M-Changa is a fundraising and crowd funding platform that seeks to enhance user experience and performance by providing secure and communication and record keeping capabilities for unprecedented end to end transparency. M-Changa has integrated mobile money and credit card payments, SMS, email, social networks and geo location.

 M-Changa co-founders, Kyai Mullei and David Mark, are effectively enabling indigenous organized giving or ‘Harambee’ (Swahili for ‘fundraising’) via their mobile money crowdfunding platform. They are now looking for USD 1 million in investments to expand.

mchanga

In an interview with VC4Africa, the entrepreneurs revealed the reason why they are now sourcing for investors and more. The founders think that M-Changa has reached the size where expansion is necessary and to expand they would need investors.

M-Changa’s story is a growth story. With over 2,000 fundraising campaigns, over 13,000 supporters and close to 50,000 customer interactions, M-Changa is the biggest player in the digital Harambee space. The cross section of platform usage is extremely wide and mirrors trends demonstrated in all major research in the area of philanthropic giving in East Africa and Globally. This unique positioning allows us the potential to steer the national and regional dialog on transparency and digital fundraising. The evolution of M-Changa from launch a year and a half ago has been tremendous. Because of market demand M-Changa has evolved from a purely SMS based product to a hybrid one that allows you to start and manage a fundraiser online. M-Changa now gives a richer fundraising experience on both platforms and has significantly expanded its market potential. Our business model has also simplified tremendously as we opted for a direct monetization model (4.25% of funds collected) as opposed to client action-based charges.

Capturem

Last year, M-Changa participated in June Cohort, VC4Africa’s acceleration programme, 8 months into the launch of the product. They received positive feedback from several investors while they developed their product, and the exposure resulted in several invites to partake in and display their product in numerous forums and conferences across Africa and North America, and in several local and international partnerships being formed.
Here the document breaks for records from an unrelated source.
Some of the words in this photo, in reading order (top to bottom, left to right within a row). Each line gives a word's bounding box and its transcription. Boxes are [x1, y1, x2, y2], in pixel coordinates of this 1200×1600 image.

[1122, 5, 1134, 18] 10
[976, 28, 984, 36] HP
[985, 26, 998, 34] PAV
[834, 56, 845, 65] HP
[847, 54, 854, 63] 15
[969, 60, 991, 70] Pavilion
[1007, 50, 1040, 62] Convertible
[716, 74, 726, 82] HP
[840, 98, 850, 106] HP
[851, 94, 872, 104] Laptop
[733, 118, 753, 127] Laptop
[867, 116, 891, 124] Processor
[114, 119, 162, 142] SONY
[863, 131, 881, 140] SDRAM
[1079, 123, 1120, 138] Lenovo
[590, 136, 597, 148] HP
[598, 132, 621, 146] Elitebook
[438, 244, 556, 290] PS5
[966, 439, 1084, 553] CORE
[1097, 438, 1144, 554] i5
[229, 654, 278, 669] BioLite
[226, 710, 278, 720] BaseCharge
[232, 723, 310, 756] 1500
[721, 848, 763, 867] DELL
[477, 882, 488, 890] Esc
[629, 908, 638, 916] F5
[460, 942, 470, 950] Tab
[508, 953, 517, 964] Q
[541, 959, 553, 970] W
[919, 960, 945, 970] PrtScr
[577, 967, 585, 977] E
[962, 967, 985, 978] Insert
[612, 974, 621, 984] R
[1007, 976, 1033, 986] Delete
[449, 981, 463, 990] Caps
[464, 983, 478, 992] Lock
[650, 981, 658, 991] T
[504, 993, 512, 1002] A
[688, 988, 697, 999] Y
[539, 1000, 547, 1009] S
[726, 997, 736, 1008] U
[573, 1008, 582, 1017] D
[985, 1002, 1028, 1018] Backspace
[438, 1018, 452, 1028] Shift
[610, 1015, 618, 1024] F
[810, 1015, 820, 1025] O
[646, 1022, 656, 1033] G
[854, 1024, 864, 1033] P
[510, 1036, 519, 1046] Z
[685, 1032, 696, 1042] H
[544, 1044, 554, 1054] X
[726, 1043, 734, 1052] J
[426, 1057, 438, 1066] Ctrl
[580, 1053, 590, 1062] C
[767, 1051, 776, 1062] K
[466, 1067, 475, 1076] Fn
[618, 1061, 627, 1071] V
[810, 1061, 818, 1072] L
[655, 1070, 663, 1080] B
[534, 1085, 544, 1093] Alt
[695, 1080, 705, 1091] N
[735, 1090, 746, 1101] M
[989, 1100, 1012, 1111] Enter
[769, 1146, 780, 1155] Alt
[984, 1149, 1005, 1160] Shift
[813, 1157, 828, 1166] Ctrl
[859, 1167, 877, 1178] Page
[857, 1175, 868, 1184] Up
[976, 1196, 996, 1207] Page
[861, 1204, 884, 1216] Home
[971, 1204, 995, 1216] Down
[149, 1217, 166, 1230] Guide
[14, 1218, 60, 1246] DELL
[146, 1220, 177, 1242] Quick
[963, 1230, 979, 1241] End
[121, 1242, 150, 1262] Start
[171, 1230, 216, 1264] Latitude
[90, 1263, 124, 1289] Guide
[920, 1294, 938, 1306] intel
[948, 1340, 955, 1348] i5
After running extensive marketing campaigns to figure out the best way to get the word out about M-Changa, partnership with the Microsoft 4Afrika Affordable device program has been their most recent success. M-Changa is one of two financing partners for the program that aims to give access to affordable educational devices to 100,000 students and teachers in Kenya. Students and teachers will be able to start fundraisers on M-Changa and buy subsidized devices at select dealers once they have raised the needed funds.
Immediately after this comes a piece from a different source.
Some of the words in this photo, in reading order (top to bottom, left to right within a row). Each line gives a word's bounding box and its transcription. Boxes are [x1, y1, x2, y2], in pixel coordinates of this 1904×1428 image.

On the issue of how M-changa would compete with the international crowdfunding platforms, the founders expressed confidence in the distinction of culture, collection from family and friends, that forms the basis of their product, as well as the fact that unlike Kickstarter and co, M-Changa is also the only product combining mobile money transactions with smart SMS-based fundraising functionality.

M-Changa is a culture-based product that reflects the Harambee-culture in Kenya and other countries in East Africa. The distinction is important. Harambees rely first and foremost on family networks and then friends. The general public (or anonymous crowdfunding as with Kickstarter and other platforms) is the last resort for anyone doing a Harambee. This difference greatly impacts the propensity to give, how often one gives, as well as the approach for requests for help. M-Changa is also the only product combining mobile money transactions with smart SMS-based fundraising functionality. The platform has been designed to mirror the real-life considerations of Harambees as closely as possible. For example, M-Changa has a treasurer feature that allows for multi-person custody of the funds raised in a campaign.”
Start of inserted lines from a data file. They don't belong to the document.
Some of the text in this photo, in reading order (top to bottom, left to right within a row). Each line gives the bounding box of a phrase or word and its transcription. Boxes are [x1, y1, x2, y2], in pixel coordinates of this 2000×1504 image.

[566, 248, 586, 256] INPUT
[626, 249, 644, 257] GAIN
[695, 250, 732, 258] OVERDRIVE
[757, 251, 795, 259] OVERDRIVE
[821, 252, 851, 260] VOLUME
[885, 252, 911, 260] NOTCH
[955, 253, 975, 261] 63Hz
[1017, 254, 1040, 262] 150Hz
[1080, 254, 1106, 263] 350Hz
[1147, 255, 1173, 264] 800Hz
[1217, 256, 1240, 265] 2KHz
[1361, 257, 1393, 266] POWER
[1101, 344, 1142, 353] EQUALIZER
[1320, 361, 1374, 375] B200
For people who wonder why they are starting a fundraising campaign for their expansion at this moment, because it does seem like they have a lot going for them, the founders say that while they are a revenue generating company, they need growth capital from investors preferably with strong connections and experience in the mobile payments industry and banking or related financial sectors. Much of the past 6 months was spent on cultivating strong partnerships, but they recognise that M-Changa’s growth relies on strong public awareness, which can be created by top line advertising and client relationship managers. They pointed out that since the Angel investment of USD 35,000 they secured two years ago, they have self-funded the company since.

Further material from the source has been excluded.